Lesson 6

1 Learning Objectives

By the end of this lesson students will be able to:

• Create a state-space representation of linear, time-invariant systems

2 Introduction

So far we have practiced writing the DEs that describe physical systems. These are often coupled differential equations; the same variables often appear in more than one equation.

We then practiced writing these equations in the form of a transfer function in the LaPlace domain. This method works fine if the system has only one input and one output and is linear. If not, we need another method—state-space.

Summary of the two methods:

1. Classical, or frequency domain
   

• Pro: Easy to see how system will behave (stability and transient response) by looking at equation; easy to adjust settings to desired response
  
• Con: Can only use linear, time-invariant systems (or those that can be approximated as this); initial conditions are always 0

2. Modern, time domain, or state-space
   

• Pro: Can do non-linear systems and systems with nonzero initial conditions; time varying systems too
  
• Con: Not as intuitive

3 State-Variable Equations

All systems have a group of state variables that define all characteristics of a system.

Examples: Current or voltage in circuits, position and velocity in mechanical systems, pressure in fluid systems, concentration in chemical systems.

The state variables are the minimum number of variables that you need to describe the system.

The variable $x_n$ is used to represent the state variables, where $n$ is the total number of state variables; also the order of the system.

The variable $u_r$ is used to represent the input(s), where $r$ is the total number of input variables.

The state-variable equations are $n$ DEs that are the first-order derivatives of each state variable. For example:

$$\dot{x}_{1} = 2x_{1} + 3x_{2} + 4u_{1}$$

3.1 Example 1

Write the state-variable equations for the system shown below.

3.2 Student Example 1

Write the state-variable equations for the system shown below.

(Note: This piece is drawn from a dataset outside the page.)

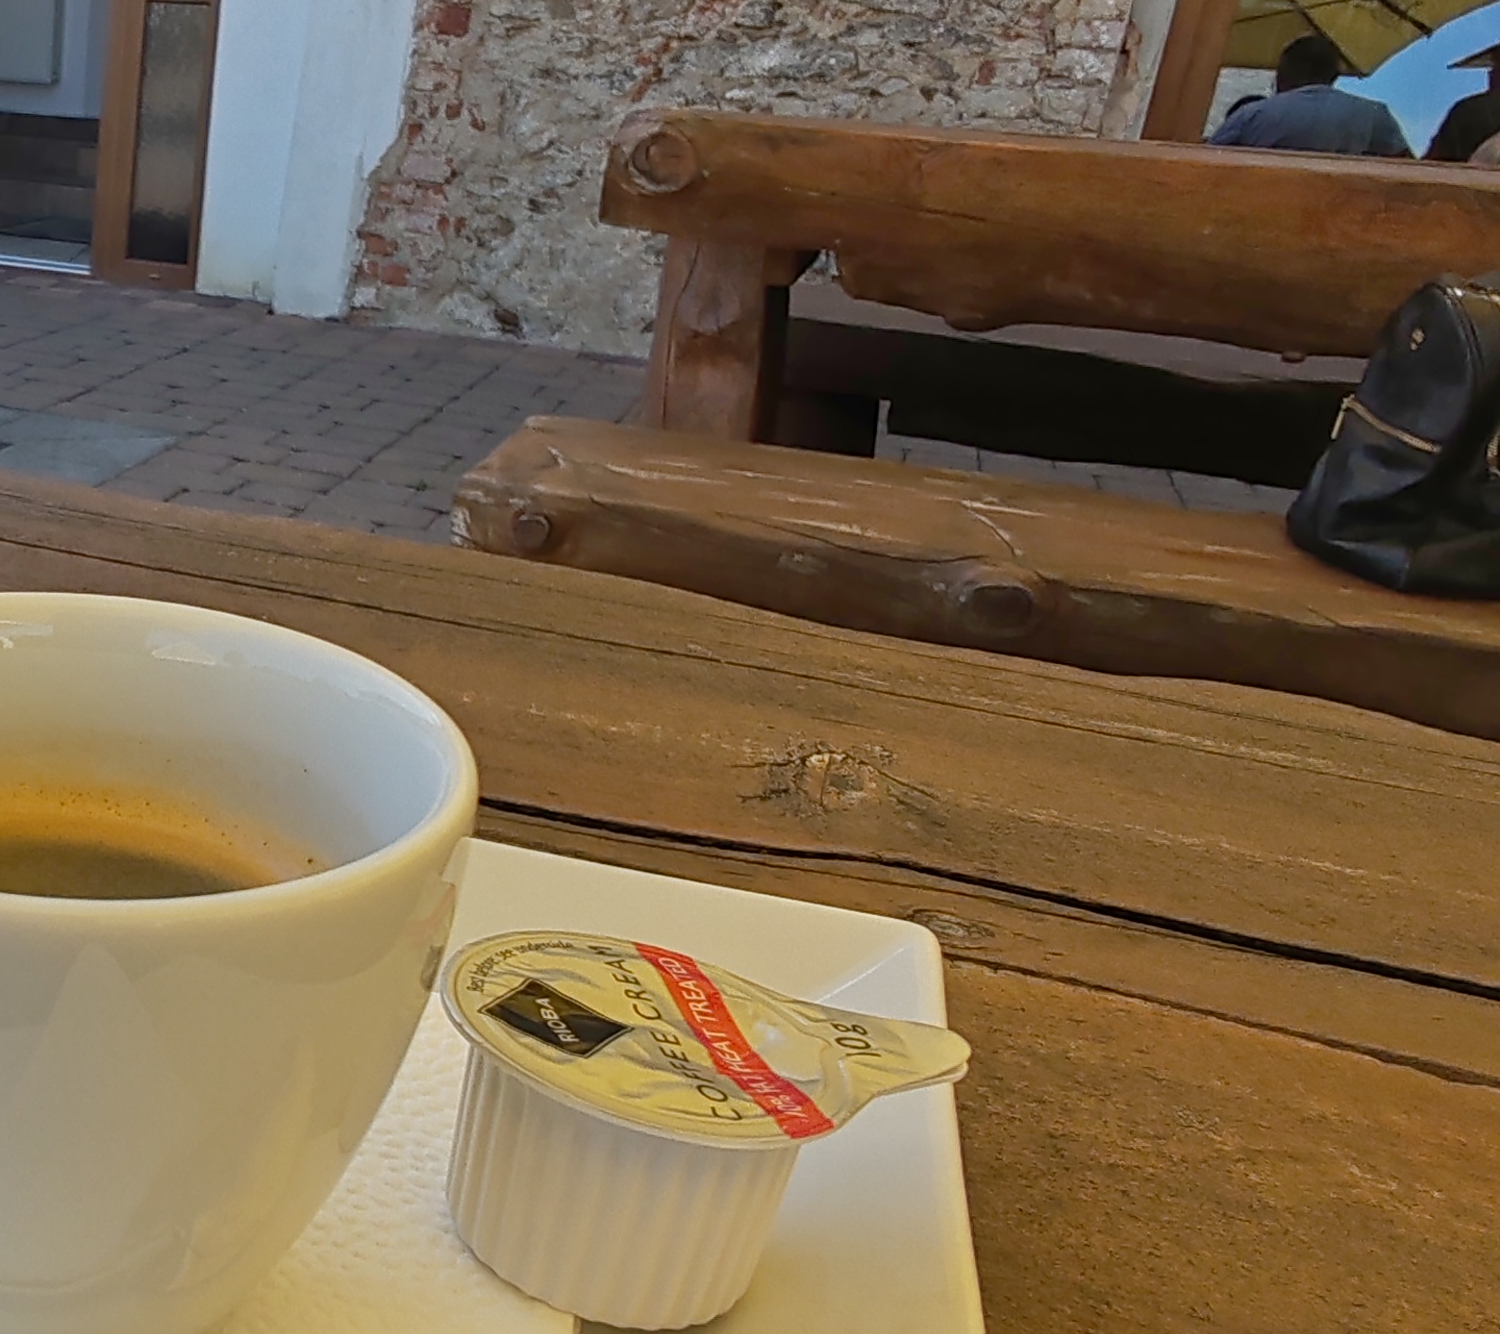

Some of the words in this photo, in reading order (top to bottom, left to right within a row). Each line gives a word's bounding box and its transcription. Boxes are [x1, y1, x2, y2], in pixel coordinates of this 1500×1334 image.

4 State-Space Representation (SSR)

We just derived state-variable equations for two different systems. If the DEs are linear, we can write them in vector-matrix format:

1. The state-variable equation:

$$\dot{\mathbf{x}} = \mathbf{Ax} + \mathbf{Bu}$$

2. The output equation:

$$\mathbf{y} = \mathbf{Cx} + \mathbf{Du}$$

Each of these letters stand for:

• x = state vector (vector of state variables)
• $\dot{\mathbf{x}}$ = derivative of x
• y = output vector (vector of output equations)
• u = input or control vector
• A = system matrix
• B = input matrix
• C = output matrix
• D = feed-forward matrix

A quick refresher on how matrix multiplication works:

So if we want to convert the following state-variable equations into $\dot{\mathbf{x}} = \mathbf{Ax} + \mathbf{Bu}$ matrix-vector format:

$$\dot{x}_{1} = -6.2x_{1} - 2.3x_{2} + 8.4x_{3}$$ $$\dot{x}_{2} = -x_{2} + 2.7x_{3} + 3u_{1}$$ $$\dot{x}_{3} = -4.1x_{1} - 1.5x_{2} + 3.9x_{3} + 4u_{2}$$

Here’s how we do it:

$$\begin{bmatrix} \dot{x}_1 \\ \dot{x}_2 \\ \dot{x}_3 \end{bmatrix} = \begin{bmatrix} -6.2 & -2.3 & 8.4 \\ 0 & -1 & 2.7 \\ -4.1 & -1.5 & 3.9 \end{bmatrix} \begin{bmatrix} x_1 \\ x_2 \\ x_3 \end{bmatrix} + \begin{bmatrix} 0 & 0 \\ 3 & 0 \\ 0 & 4 \end{bmatrix} \begin{bmatrix} u_1 \\ u_2 \end{bmatrix}$$

5 State-Space Representation of Electrical Systems

Now, we go back to our previous examples and convert them into correct state-space representation.

5.1 Example 1, cont’d

Write state variable equations in state-space representation. Assume output is $v_{c2}(t)$.

5.2 Student Example 1, cont’d

Write state variable equations in state-space representation. Assume output is current through the resistor, $i_r$.

6 State-Space Representation of Mechanical Systems

Much easier as you just need to write the equations for each mass.

6.1 Example 2

Write the state-space representation of the system below. Assume there is no output.

6.2 Student Example 2

Write the state-space representation of the system below. Assume the output is $x_{3}(t)$.